== INPUT DATA
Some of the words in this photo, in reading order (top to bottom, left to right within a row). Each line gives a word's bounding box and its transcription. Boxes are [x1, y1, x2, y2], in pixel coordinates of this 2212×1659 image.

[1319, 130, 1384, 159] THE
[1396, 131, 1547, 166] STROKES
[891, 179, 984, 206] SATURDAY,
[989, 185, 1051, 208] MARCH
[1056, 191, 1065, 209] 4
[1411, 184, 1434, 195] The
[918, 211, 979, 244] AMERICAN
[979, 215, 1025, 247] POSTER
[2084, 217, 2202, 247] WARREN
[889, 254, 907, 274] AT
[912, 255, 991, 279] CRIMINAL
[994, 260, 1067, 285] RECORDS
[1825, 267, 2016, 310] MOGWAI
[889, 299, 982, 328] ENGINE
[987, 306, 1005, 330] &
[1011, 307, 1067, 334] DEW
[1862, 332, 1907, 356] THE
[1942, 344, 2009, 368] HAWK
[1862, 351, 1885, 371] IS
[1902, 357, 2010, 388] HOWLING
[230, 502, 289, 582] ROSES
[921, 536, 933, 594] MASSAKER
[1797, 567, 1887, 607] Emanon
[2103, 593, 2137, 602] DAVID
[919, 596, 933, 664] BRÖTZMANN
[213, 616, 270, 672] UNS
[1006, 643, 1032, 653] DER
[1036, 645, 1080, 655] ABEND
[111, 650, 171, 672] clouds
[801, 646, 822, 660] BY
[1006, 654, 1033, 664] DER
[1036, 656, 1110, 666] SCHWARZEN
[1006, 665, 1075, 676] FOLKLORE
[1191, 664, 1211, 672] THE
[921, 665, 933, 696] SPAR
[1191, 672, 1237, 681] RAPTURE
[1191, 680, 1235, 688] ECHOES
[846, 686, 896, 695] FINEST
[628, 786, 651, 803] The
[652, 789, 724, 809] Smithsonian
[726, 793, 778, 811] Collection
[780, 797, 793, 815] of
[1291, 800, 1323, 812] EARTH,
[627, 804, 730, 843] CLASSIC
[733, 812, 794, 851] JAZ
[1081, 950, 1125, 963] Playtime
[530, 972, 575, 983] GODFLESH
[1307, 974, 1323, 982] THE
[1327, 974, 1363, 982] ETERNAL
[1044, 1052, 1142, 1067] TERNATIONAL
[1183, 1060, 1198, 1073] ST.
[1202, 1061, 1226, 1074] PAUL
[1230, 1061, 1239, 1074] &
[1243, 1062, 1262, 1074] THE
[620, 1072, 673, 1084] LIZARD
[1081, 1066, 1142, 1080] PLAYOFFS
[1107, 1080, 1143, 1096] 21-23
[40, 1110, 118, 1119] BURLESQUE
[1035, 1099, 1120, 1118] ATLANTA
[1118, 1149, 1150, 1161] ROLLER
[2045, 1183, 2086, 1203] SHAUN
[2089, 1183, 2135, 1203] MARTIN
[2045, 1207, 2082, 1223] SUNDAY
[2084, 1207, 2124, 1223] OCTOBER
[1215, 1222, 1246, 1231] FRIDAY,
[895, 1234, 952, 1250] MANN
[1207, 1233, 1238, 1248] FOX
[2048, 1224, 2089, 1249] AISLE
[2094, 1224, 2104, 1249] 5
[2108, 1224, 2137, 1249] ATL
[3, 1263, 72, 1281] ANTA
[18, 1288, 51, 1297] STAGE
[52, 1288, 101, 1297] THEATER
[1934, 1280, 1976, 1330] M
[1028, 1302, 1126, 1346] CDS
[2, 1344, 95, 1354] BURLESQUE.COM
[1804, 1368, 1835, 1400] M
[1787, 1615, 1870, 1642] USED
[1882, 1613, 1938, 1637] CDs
====
WORK REQUEST - Word for word, retype all of the material.

WRITTEN ANSWER -
Some of the words in this photo, in reading order (top to bottom, left to right within a row). Each line gives a word's bounding box and its transcription. Boxes are [x1, y1, x2, y2], in pixel coordinates of this 2212×1659 image.

[1319, 130, 1384, 159] THE
[1396, 131, 1547, 166] STROKES
[891, 179, 984, 206] SATURDAY,
[989, 185, 1051, 208] MARCH
[1056, 191, 1065, 209] 4
[1411, 184, 1434, 195] The
[918, 211, 979, 244] AMERICAN
[979, 215, 1025, 247] POSTER
[2084, 217, 2202, 247] WARREN
[889, 254, 907, 274] AT
[912, 255, 991, 279] CRIMINAL
[994, 260, 1067, 285] RECORDS
[1825, 267, 2016, 310] MOGWAI
[889, 299, 982, 328] ENGINE
[987, 306, 1005, 330] &
[1011, 307, 1067, 334] DEW
[1862, 332, 1907, 356] THE
[1942, 344, 2009, 368] HAWK
[1862, 351, 1885, 371] IS
[1902, 357, 2010, 388] HOWLING
[230, 502, 289, 582] ROSES
[921, 536, 933, 594] MASSAKER
[1797, 567, 1887, 607] Emanon
[2103, 593, 2137, 602] DAVID
[919, 596, 933, 664] BRÖTZMANN
[213, 616, 270, 672] UNS
[1006, 643, 1032, 653] DER
[1036, 645, 1080, 655] ABEND
[111, 650, 171, 672] clouds
[801, 646, 822, 660] BY
[1006, 654, 1033, 664] DER
[1036, 656, 1110, 666] SCHWARZEN
[1006, 665, 1075, 676] FOLKLORE
[1191, 664, 1211, 672] THE
[921, 665, 933, 696] SPAR
[1191, 672, 1237, 681] RAPTURE
[1191, 680, 1235, 688] ECHOES
[846, 686, 896, 695] FINEST
[628, 786, 651, 803] The
[652, 789, 724, 809] Smithsonian
[726, 793, 778, 811] Collection
[780, 797, 793, 815] of
[1291, 800, 1323, 812] EARTH,
[627, 804, 730, 843] CLASSIC
[733, 812, 794, 851] JAZ
[1081, 950, 1125, 963] Playtime
[530, 972, 575, 983] GODFLESH
[1307, 974, 1323, 982] THE
[1327, 974, 1363, 982] ETERNAL
[1044, 1052, 1142, 1067] TERNATIONAL
[1183, 1060, 1198, 1073] ST.
[1202, 1061, 1226, 1074] PAUL
[1230, 1061, 1239, 1074] &
[1243, 1062, 1262, 1074] THE
[620, 1072, 673, 1084] LIZARD
[1081, 1066, 1142, 1080] PLAYOFFS
[1107, 1080, 1143, 1096] 21-23
[40, 1110, 118, 1119] BURLESQUE
[1035, 1099, 1120, 1118] ATLANTA
[1118, 1149, 1150, 1161] ROLLER
[2045, 1183, 2086, 1203] SHAUN
[2089, 1183, 2135, 1203] MARTIN
[2045, 1207, 2082, 1223] SUNDAY
[2084, 1207, 2124, 1223] OCTOBER
[1215, 1222, 1246, 1231] FRIDAY,
[895, 1234, 952, 1250] MANN
[1207, 1233, 1238, 1248] FOX
[2048, 1224, 2089, 1249] AISLE
[2094, 1224, 2104, 1249] 5
[2108, 1224, 2137, 1249] ATL
[3, 1263, 72, 1281] ANTA
[18, 1288, 51, 1297] STAGE
[52, 1288, 101, 1297] THEATER
[1934, 1280, 1976, 1330] M
[1028, 1302, 1126, 1346] CDS
[2, 1344, 95, 1354] BURLESQUE.COM
[1804, 1368, 1835, 1400] M
[1787, 1615, 1870, 1642] USED
[1882, 1613, 1938, 1637] CDs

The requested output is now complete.